TASK BRIEF → Leaving out the pictures, please retype each record exactly.

SUPPLIED DATA →
· · ·
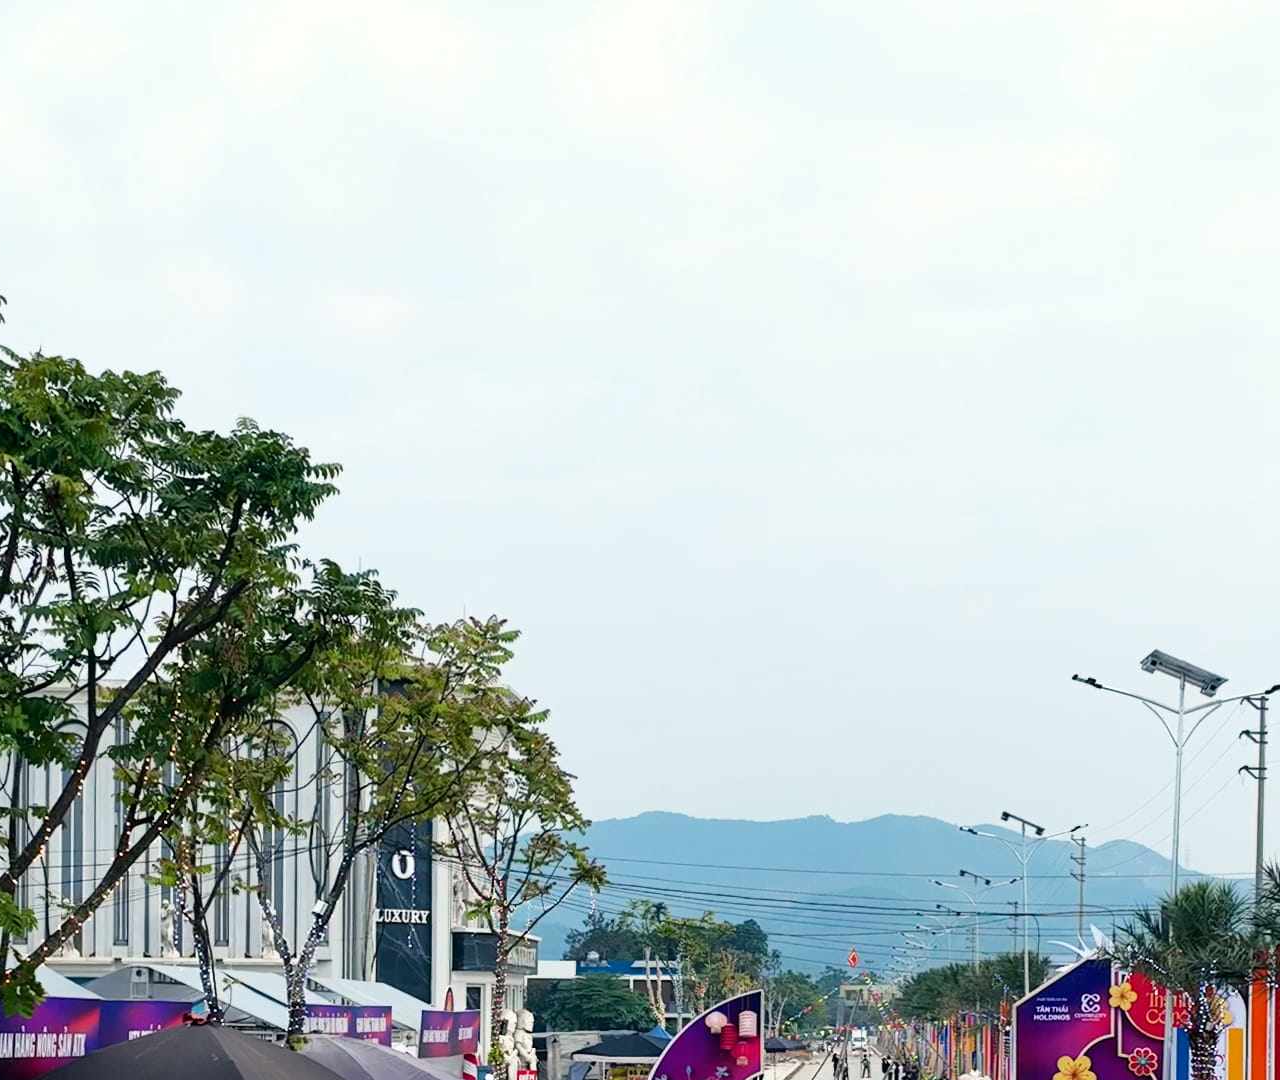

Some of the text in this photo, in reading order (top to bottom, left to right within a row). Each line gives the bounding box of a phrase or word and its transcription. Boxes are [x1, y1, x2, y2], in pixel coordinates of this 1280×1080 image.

[375, 908, 430, 924] LUXURY
[15, 1025, 36, 1058] HÀNG
[37, 1026, 57, 1057] NÔNG
[58, 1026, 72, 1057] SẢN
[73, 1033, 87, 1057] ATK
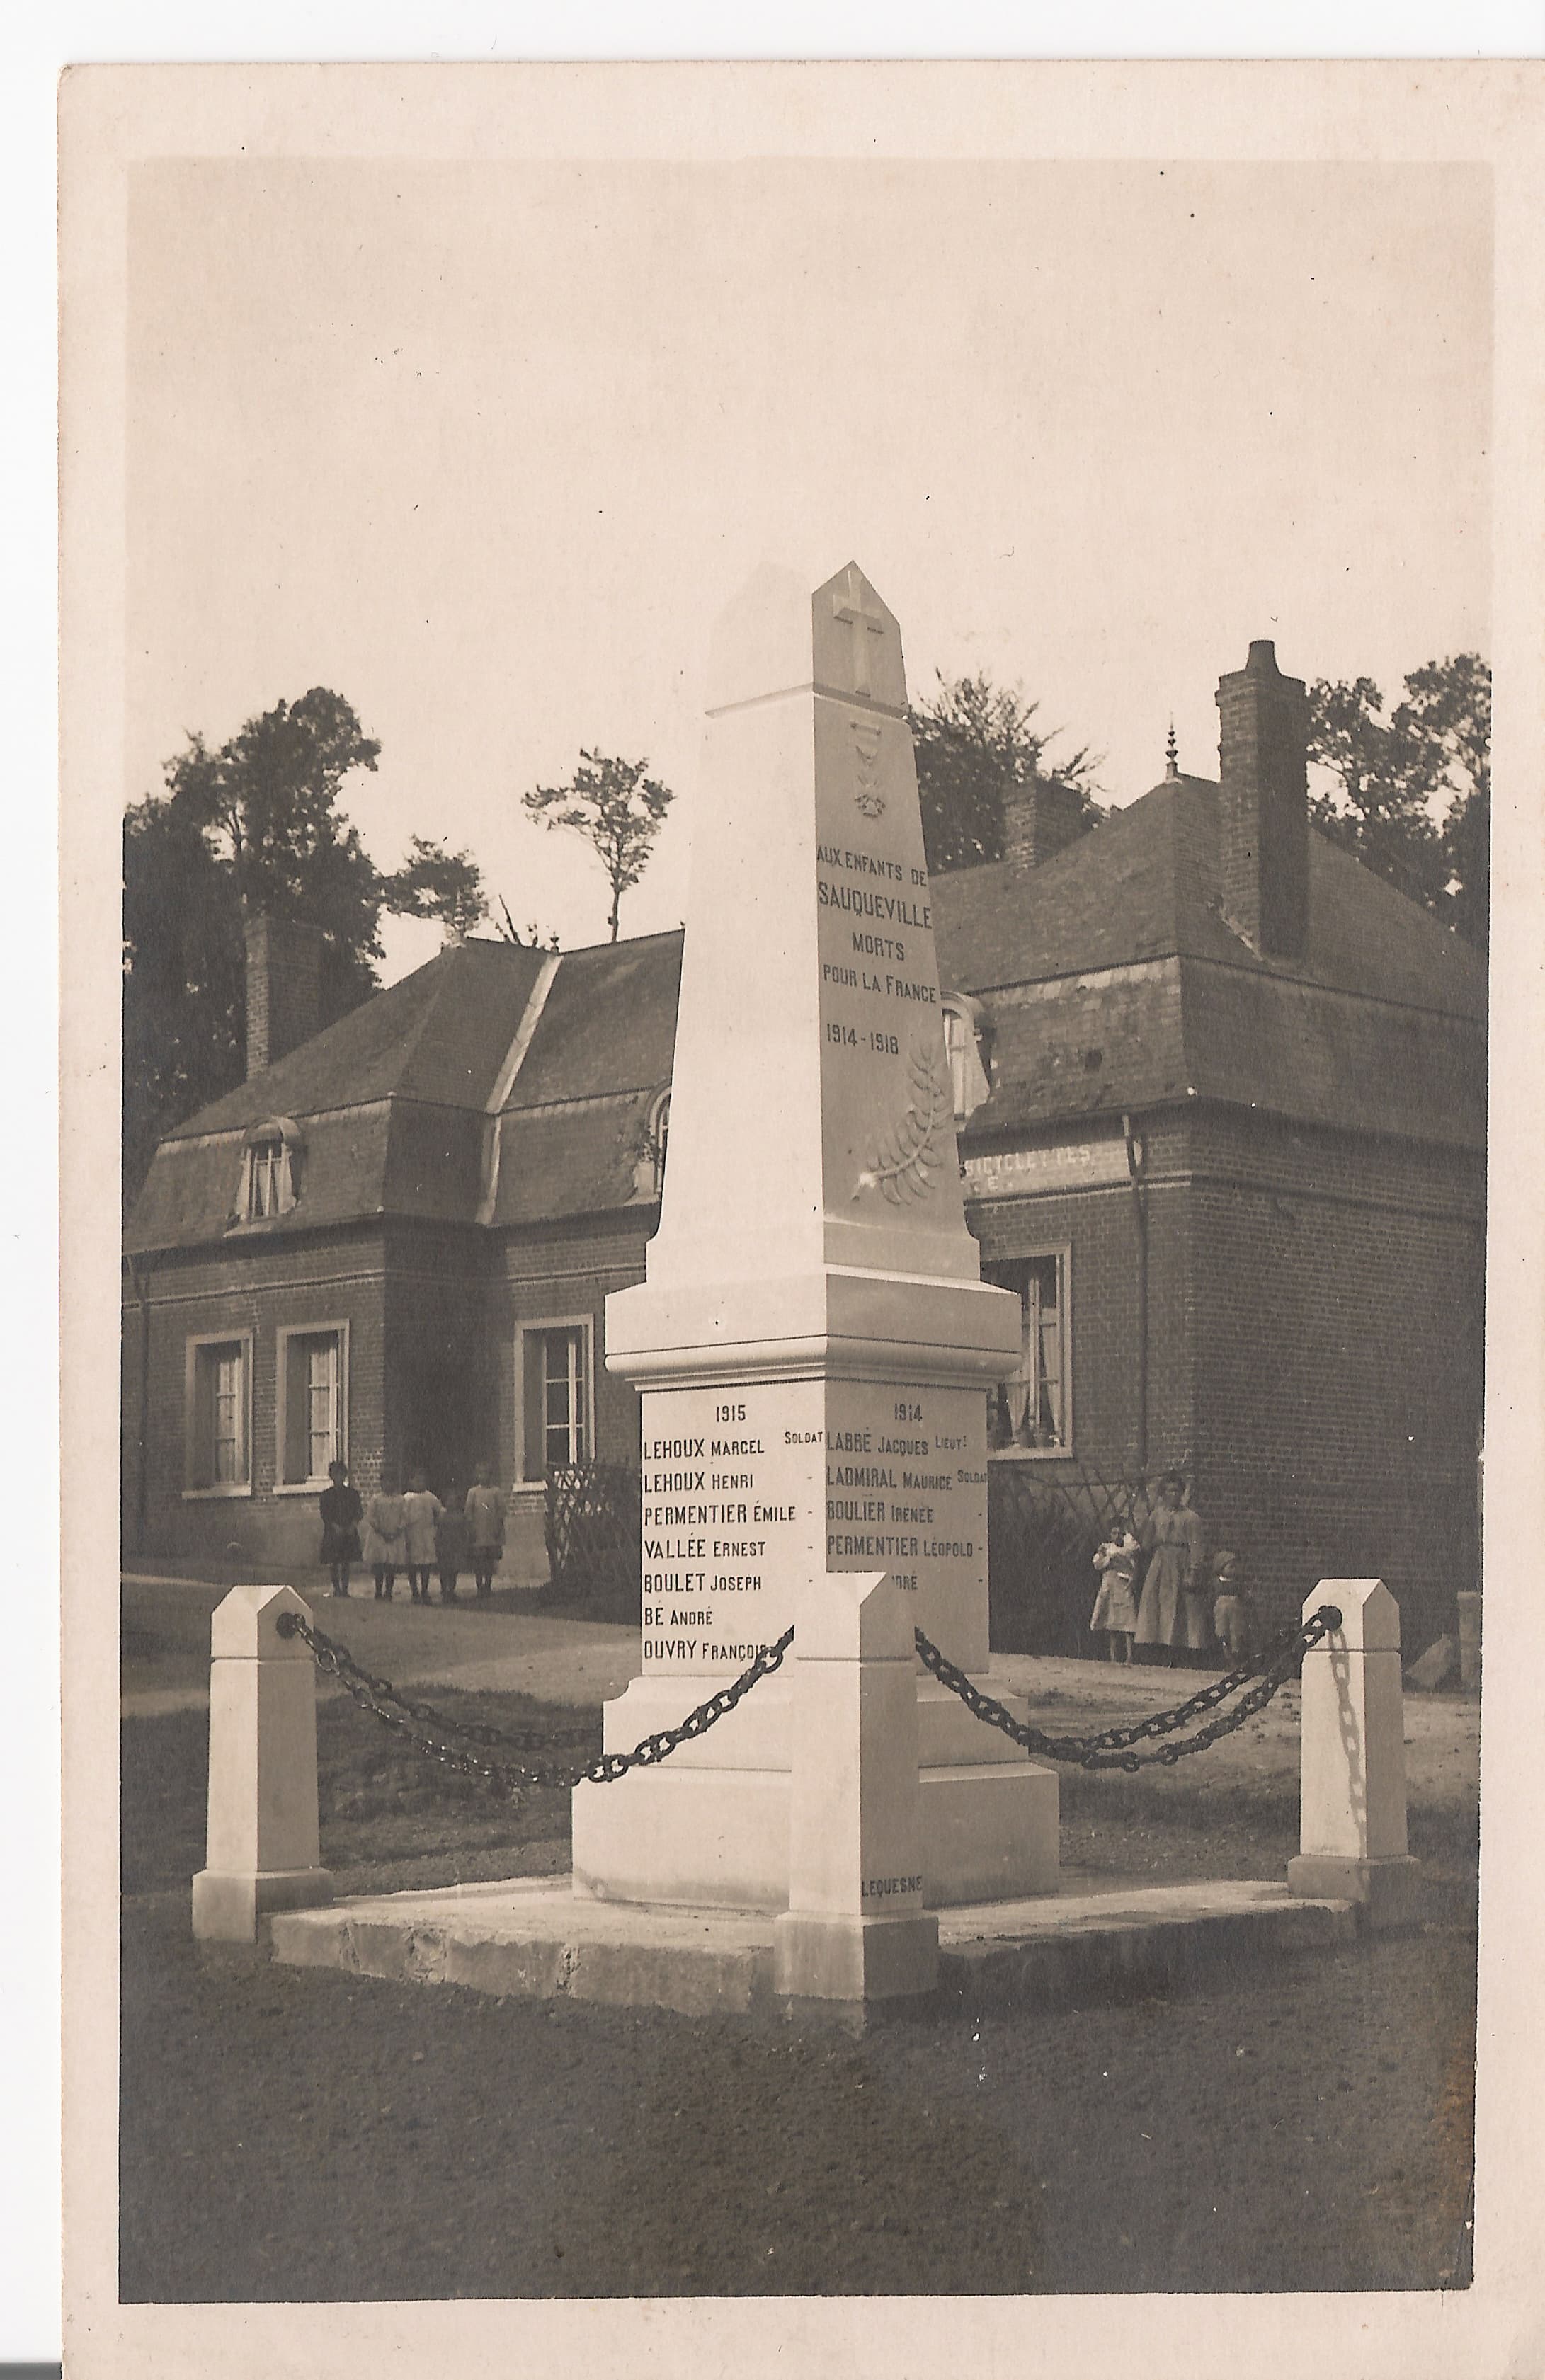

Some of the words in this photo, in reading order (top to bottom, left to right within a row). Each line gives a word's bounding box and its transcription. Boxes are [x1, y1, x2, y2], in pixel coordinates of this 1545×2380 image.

[816, 845, 842, 866] AUX
[845, 852, 903, 881] ENFANTS
[911, 868, 927, 886] DE
[819, 881, 933, 929] SAUQUEVILLE
[853, 932, 905, 961] MORTS
[823, 964, 857, 988] POUR
[862, 972, 882, 992] LA
[886, 975, 937, 1004] FRANCE
[717, 1404, 746, 1423] 1915
[894, 1403, 923, 1422] 1914
[644, 1438, 705, 1460] LEHOUX
[711, 1440, 765, 1457] MARCEL
[785, 1431, 823, 1444] SOLDAT
[878, 1436, 929, 1456] JACQUES
[644, 1472, 705, 1493] LEHOUX
[712, 1474, 753, 1489] HENRI
[827, 1465, 897, 1488] LADMIRAL
[903, 1472, 952, 1491] MAURICE
[644, 1504, 747, 1526] PERMENTIER
[753, 1501, 796, 1522] ÉMILE
[827, 1500, 886, 1521] BOULIER
[644, 1532, 706, 1558] VALLÉE
[714, 1540, 766, 1557] ERNEST
[827, 1535, 918, 1557] PERMENTIER
[923, 1537, 974, 1557] LÉOPOLD
[644, 1573, 705, 1593] BOULET
[710, 1575, 762, 1591] JOSEPH
[671, 1606, 713, 1625] ANDRÉ
[644, 1640, 697, 1659] OUVRY
[861, 1875, 922, 1898] LEQUESNE
· · ·
REPLY TO THE EXERCISE →
Some of the text in this photo, in reading order (top to bottom, left to right within a row). Each line gives the bounding box of a phrase or word and its transcription. Boxes are [x1, y1, x2, y2], in pixel coordinates of this 1280×1080 image.

[375, 908, 430, 924] LUXURY
[15, 1025, 36, 1058] HÀNG
[37, 1026, 57, 1057] NÔNG
[58, 1026, 72, 1057] SẢN
[73, 1033, 87, 1057] ATK

Some of the words in this photo, in reading order (top to bottom, left to right within a row). Each line gives a word's bounding box and its transcription. Boxes are [x1, y1, x2, y2], in pixel coordinates of this 1545×2380 image.

[816, 845, 842, 866] AUX
[845, 852, 903, 881] ENFANTS
[911, 868, 927, 886] DE
[819, 881, 933, 929] SAUQUEVILLE
[853, 932, 905, 961] MORTS
[823, 964, 857, 988] POUR
[862, 972, 882, 992] LA
[886, 975, 937, 1004] FRANCE
[717, 1404, 746, 1423] 1915
[894, 1403, 923, 1422] 1914
[644, 1438, 705, 1460] LEHOUX
[711, 1440, 765, 1457] MARCEL
[785, 1431, 823, 1444] SOLDAT
[878, 1436, 929, 1456] JACQUES
[644, 1472, 705, 1493] LEHOUX
[712, 1474, 753, 1489] HENRI
[827, 1465, 897, 1488] LADMIRAL
[903, 1472, 952, 1491] MAURICE
[644, 1504, 747, 1526] PERMENTIER
[753, 1501, 796, 1522] ÉMILE
[827, 1500, 886, 1521] BOULIER
[644, 1532, 706, 1558] VALLÉE
[714, 1540, 766, 1557] ERNEST
[827, 1535, 918, 1557] PERMENTIER
[923, 1537, 974, 1557] LÉOPOLD
[644, 1573, 705, 1593] BOULET
[710, 1575, 762, 1591] JOSEPH
[671, 1606, 713, 1625] ANDRÉ
[644, 1640, 697, 1659] OUVRY
[861, 1875, 922, 1898] LEQUESNE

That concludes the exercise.